La manutention manuelle de charges reste l’une des principales causes d’accidents du travail et de maladies professionnelles en France. Soulever, porter, pousser, tirer ou déplacer des objets : ces gestes apparemment anodins représentent près d’un tiers des accidents avec arrêt et plus de 85 % des troubles musculosquelettiques (TMS) reconnus comme maladies professionnelles. Tous les secteurs sont concernés, du BTP à la logistique en passant par l’industrie, la santé, la grande distribution et même les bureaux.

Pourtant, la grande majorité de ces accidents sont évitables grâce à une démarche de prévention structurée combinant organisation du travail, aménagement des postes, équipements adaptés et formation des salariés. Cet article fait le point complet sur les risques liés à la manutention manuelle et présente les leviers concrets pour les maîtriser.
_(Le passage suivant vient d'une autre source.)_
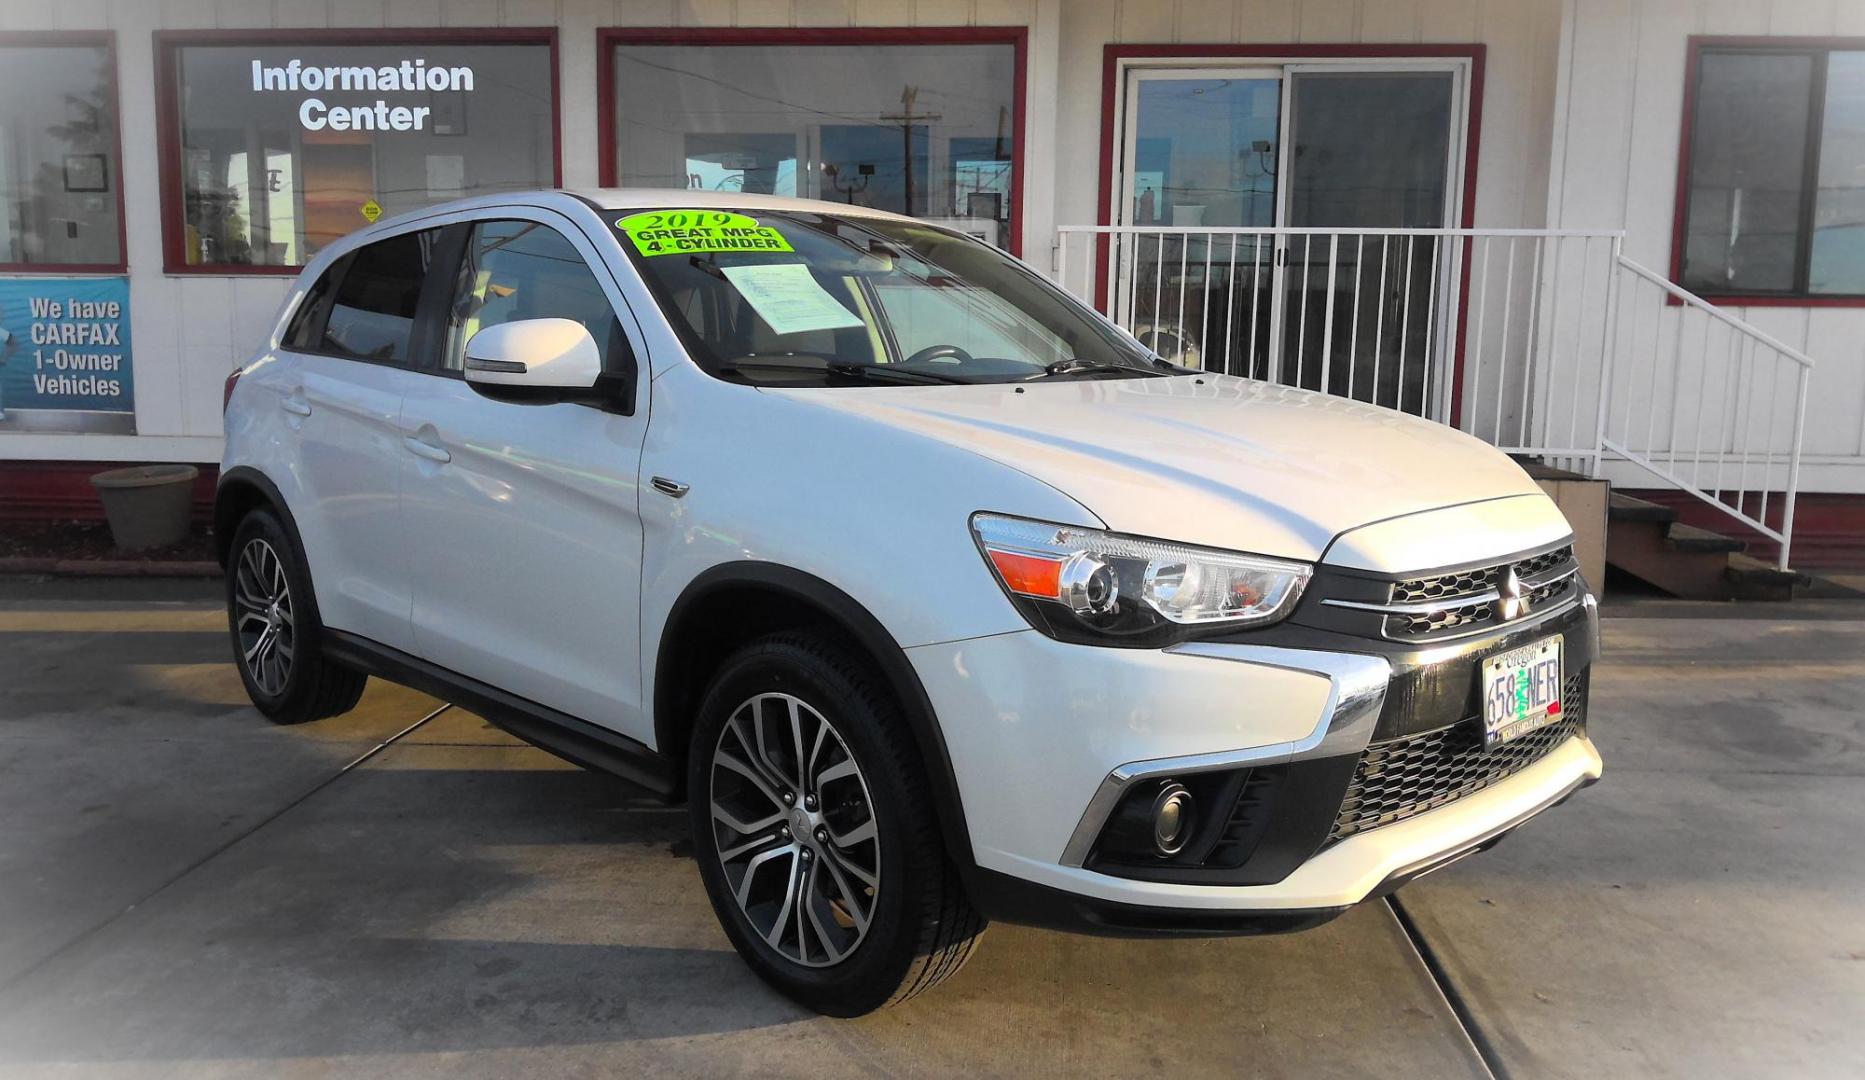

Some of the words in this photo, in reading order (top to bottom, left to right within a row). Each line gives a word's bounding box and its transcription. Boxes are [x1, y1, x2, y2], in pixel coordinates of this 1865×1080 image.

Qu’est-ce que la manutention manuelle ?

Définition réglementaire

Selon l’article R.4541-2 du Code du travail, la manutention manuelle désigne « toute opération de transport ou de soutien d’une charge, dont le levage, la pose, la poussée, la traction, le port ou le déplacement, qui exige l’effort physique d’un ou plusieurs travailleurs ».

Cette définition englobe donc bien plus que le simple « port de charges » : pousser un chariot, tirer une palette, retourner un patient, déplacer un meuble ou même maintenir un objet en position statique entrent dans le champ de la manutention manuelle.

Les principaux secteurs concernés

Aucune activité professionnelle n’est totalement à l’abri, mais certains secteurs sont particulièrement exposés :

  • Logistique et transport : préparation de commandes, chargement/déchargement, magasiniers
  • BTP : port de matériaux, manipulation d’outils lourds, coffrages
  • Industrie et production : alimentation de machines, conditionnement, palettisation
  • Santé et médico-social : aide à la mobilisation des patients, transferts, soins
  • Grande distribution : mise en rayon, manipulation de cartons, caisse
  • Restauration et hôtellerie : transport de plats, vaisselle, linge, denrées

Les risques de la manutention manuelle

Conséquences sur la santé

L’impact des manutentions répétées ou mal exécutées sur le corps humain est considérable. Les principales pathologies observées sont :

  • Lombalgies et hernies discales : la colonne vertébrale, et particulièrement les vertèbres lombaires, subit des contraintes énormes lors du soulèvement de charges. Une mauvaise posture peut multiplier par cinq la pression exercée sur les disques intervertébraux.
  • Troubles musculosquelettiques (TMS) : tendinites, syndrome du canal carpien, épicondylites, atteintes de l’épaule (coiffe des rotateurs). Ils représentent la première cause de maladies professionnelles indemnisées en France.
  • Accidents traumatiques aigus : entorses, déchirures musculaires, écrasements, coupures, chutes liées au déséquilibre engendré par la charge.
  • Fatigue cardiovasculaire : les efforts intenses et répétés sollicitent fortement le cœur et le système circulatoire.

Coûts pour l’entreprise

Au-delà du drame humain, les conséquences économiques pour l’employeur sont lourdes : absentéisme, désorganisation des équipes, perte de productivité, cotisations AT/MP majorées, remplacement et formation de nouveaux collaborateurs, coûts juridiques en cas de contentieux. L’INRS estime qu’un accident de manutention coûte en moyenne plusieurs milliers d’euros à l’entreprise, parfois bien davantage en cas d’invalidité durable.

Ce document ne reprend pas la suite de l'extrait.